Nach dem gescheiterten Putschversuch in der Türkei zeigt er den türkischen Präsidenten Recep Tayyip Erdogan mit Banane im Gesäß. Dessen Anhänger verloren die Fassung und überhäuften ihn mit Morddrohungen: "Das hat mir lange Zeit Polizeischutz beschert. Die Reaktionen waren schon heftig."

Baumgärtel: "Kunst muss wirken"

Nach wie vor hadert mancher Adressat, den er mit einer Banane an der Fassade überrascht, mit diesem Geschenk.
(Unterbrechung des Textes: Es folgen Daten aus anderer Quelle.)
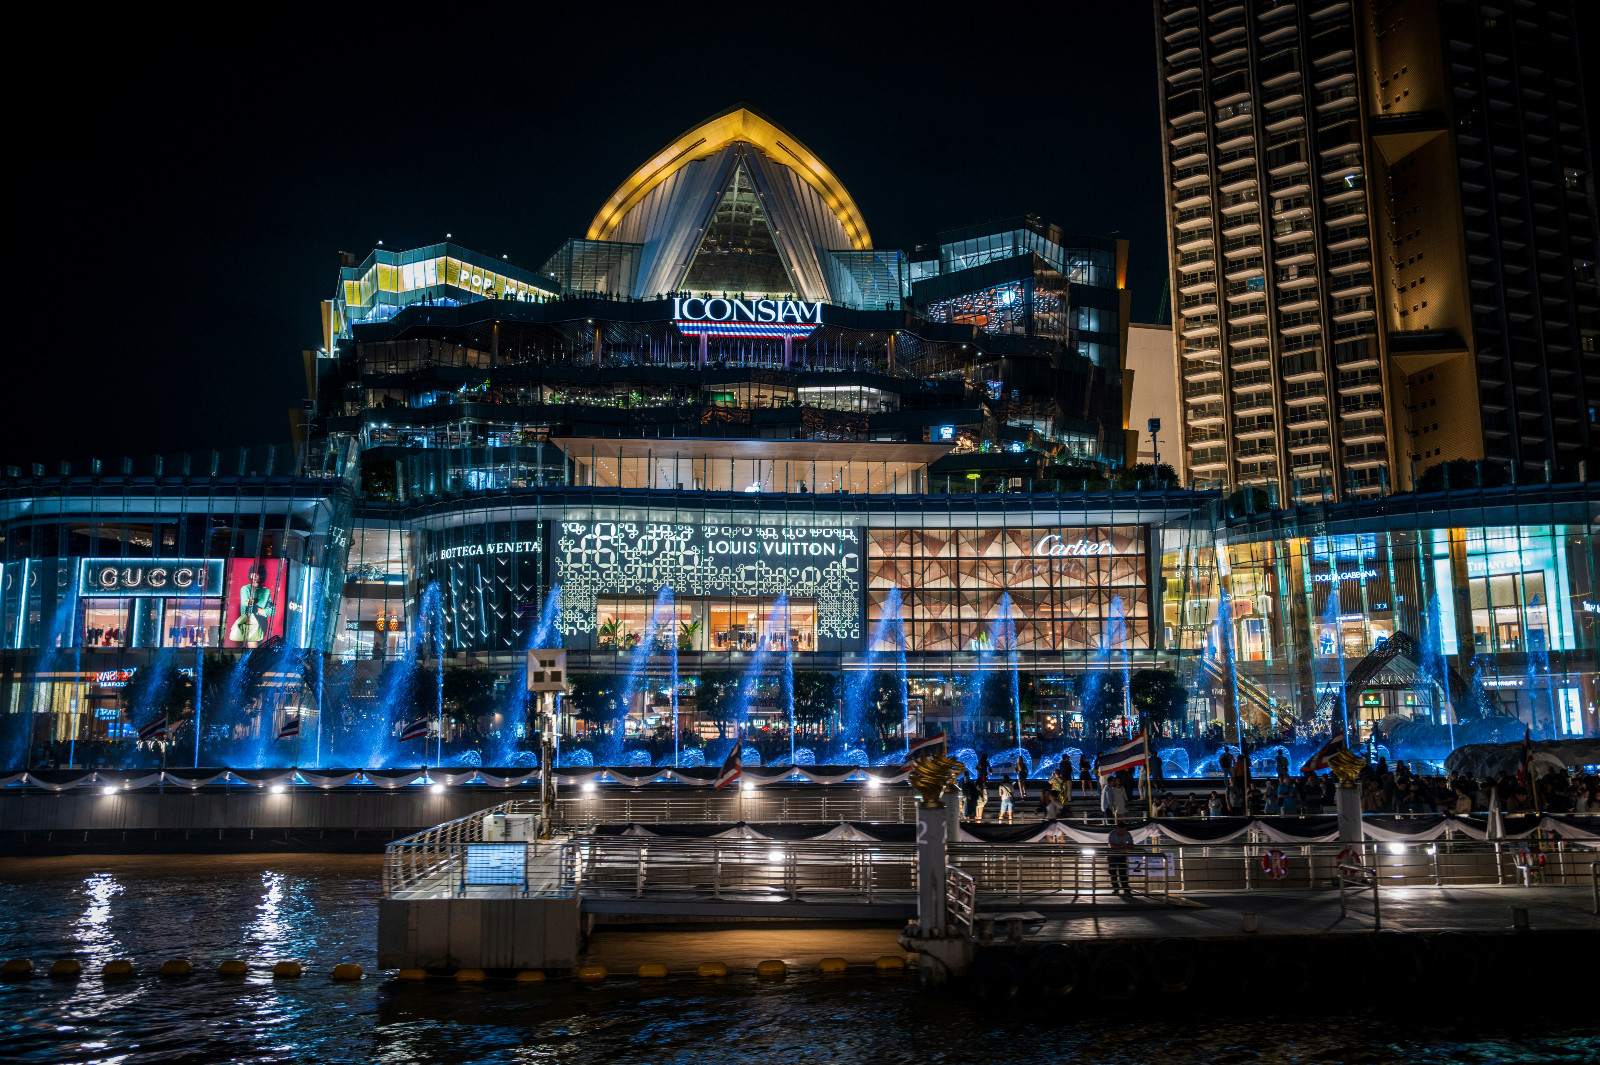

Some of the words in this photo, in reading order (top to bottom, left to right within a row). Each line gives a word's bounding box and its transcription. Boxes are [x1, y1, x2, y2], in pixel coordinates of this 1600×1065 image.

Noch vor Kurzem habe ihn deswegen ein alteingesessener Kölner Galerist sehr lautstark angefahren: "Du Arschloch!" Baumgärtel nimmt es wie einen Ritterschlag. "Dass das nach Jahrzehnten immer noch so eine Wirkung erzielt, ist doch erstaunlich. Kunst muss wirken."

Was den künstlerischem Ruhm angeht, ist inzwischen ein anderer Graffiti-Künstler an ihm vorbei gezogen: "Banksy ist super", sagt Baumgärtel. "Der hat inzwischen mit 188 Millionen Euro die zweitmeisten Verkäufe nach Gerhard Richter bei Auktionen. Im Vergleich dazu wird Street Art in Deutschland immer noch ignoriert."

Noch bis 30. Mai ist die Retrospektive "40 Jahre Bananensprayer" in Stefan Piekarskis Galerie "Art Limited" in Ratingen bei Düsseldorf zu sehen. Dort hängt auch Baumgärtels Ur-Banane am Holzkreuz - nach 40 Jahren dunkelbraun und verschrumpelt. "Die hab' ich damals einfach mitgenommen."